Earnings season is just around the corner, which will likely include an update on company outlooks for service costs and a read through to industry profitability. In today’s Energy Market Insight, BTU Analytics will review recent service company operating margins in anticipation of new data points and read between the lines on what recent data and commentary might indicate about the longevity of cost improvements achieved over the last few years.

In some ways, the cycle of feasts and famines is a familiar undertaking for the oilfield service sector. When commodity prices warranted drilling and completion activity at a breakneck pace, service companies charged premium rates to deliver the requested resources, which inflated their operating margins at the expense of E&P companies.

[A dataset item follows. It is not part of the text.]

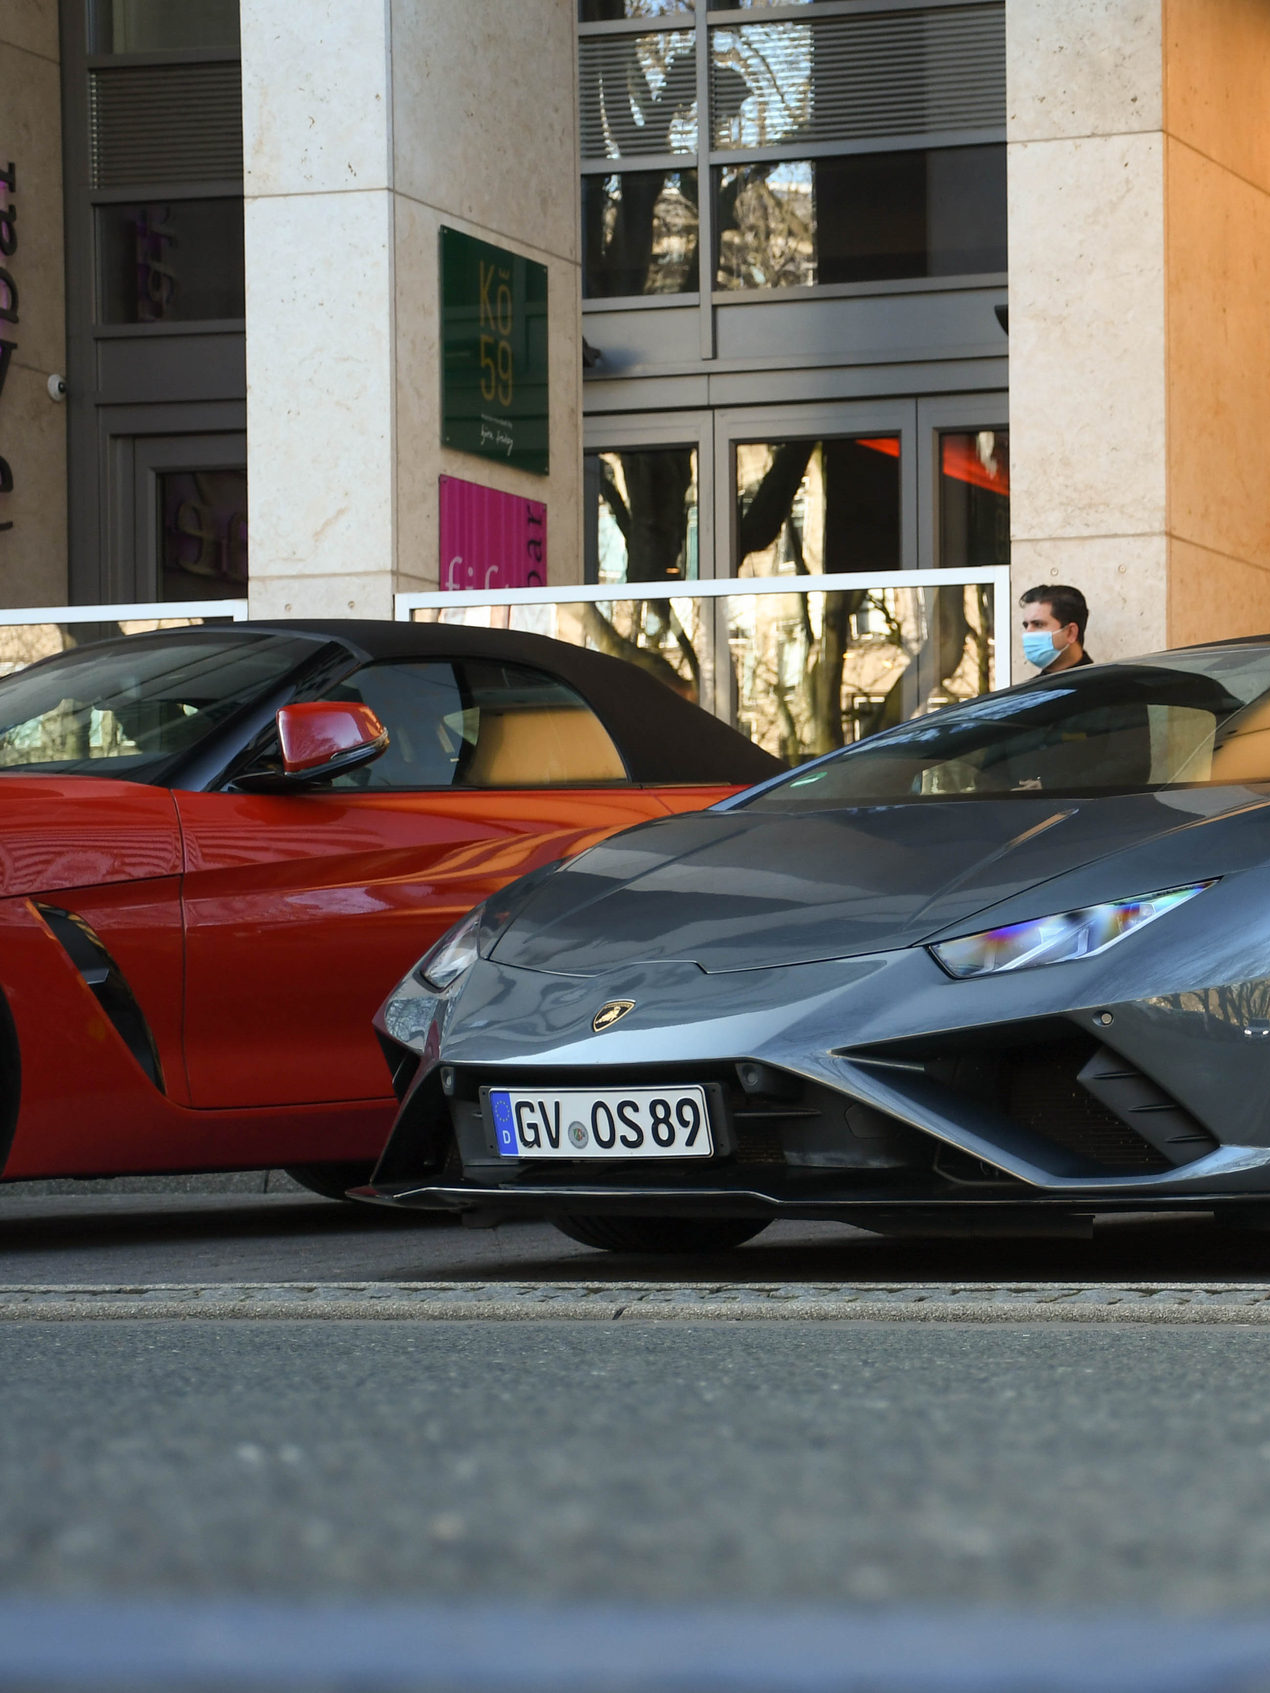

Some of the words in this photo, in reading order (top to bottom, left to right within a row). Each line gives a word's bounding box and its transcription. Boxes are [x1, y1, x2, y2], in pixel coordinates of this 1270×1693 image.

When commodity prices soured, third-party vendors were often the first targets of E&P company cost-cutting initiatives. While the early innings of the shale revolution were characterized by higher operating margins for companies like Schlumberger and Halliburton, activity in recent years failed to generate quarterly operating margins in excess of 15%, as shown in the chart below.

Note that the geography and services included in each margin vary by company. Halliburton’s North American oilfield service operating margin traditionally lagged Schlumberger’s analogous global metric, but the first half of 2020 proved to be a reversal of this relationship. As drilling and completion activity came to a screeching halt in 2Q 2020, Schlumberger’s operating margin fell to just 7.4%, which lagged Halliburton’s 9.0% over the same quarter. Following 2Q 2020 earnings announcements, Schlumberger announced the sale of its onshore hydraulic fracturing business in the United States and Canada to Liberty Oilfield Services (NYSE: LBRT). BJ Services and Calfrac Well Services, two notable fracturing competitors, filed for bankruptcy protection in July. Declining service costs have provided initial relief to E&P companies’ capital budgets, but the resulting famine service pricing can only sustain service companies’ bottom lines for so long, even following bankruptcies and consolidation in the service sector.

 

Producers’ 2Q 2020 earnings commentary contained multiple mentions of well cost reductions compared to prior guidance for the activity planned for 2020. However, well cost reductions from several operators were caveated with detail about how costs were reduced. Heavy reliance on service cost reduction would achieve rapid drilling and completion cost improvement, but like commodity prices, service cost levels are subject to market conditions. Continental Resources and Pioneer Resources expect that over 50% of their well cost savings are structural or sustainable, which would dampen the impact to well costs when service cost inflation rebounds. Companies whose recent well cost improvements are predominantly driven by service cost reductions will likely give those gains back when recovery occurs, and recovery will need to occur for service companies to remain viable long-term.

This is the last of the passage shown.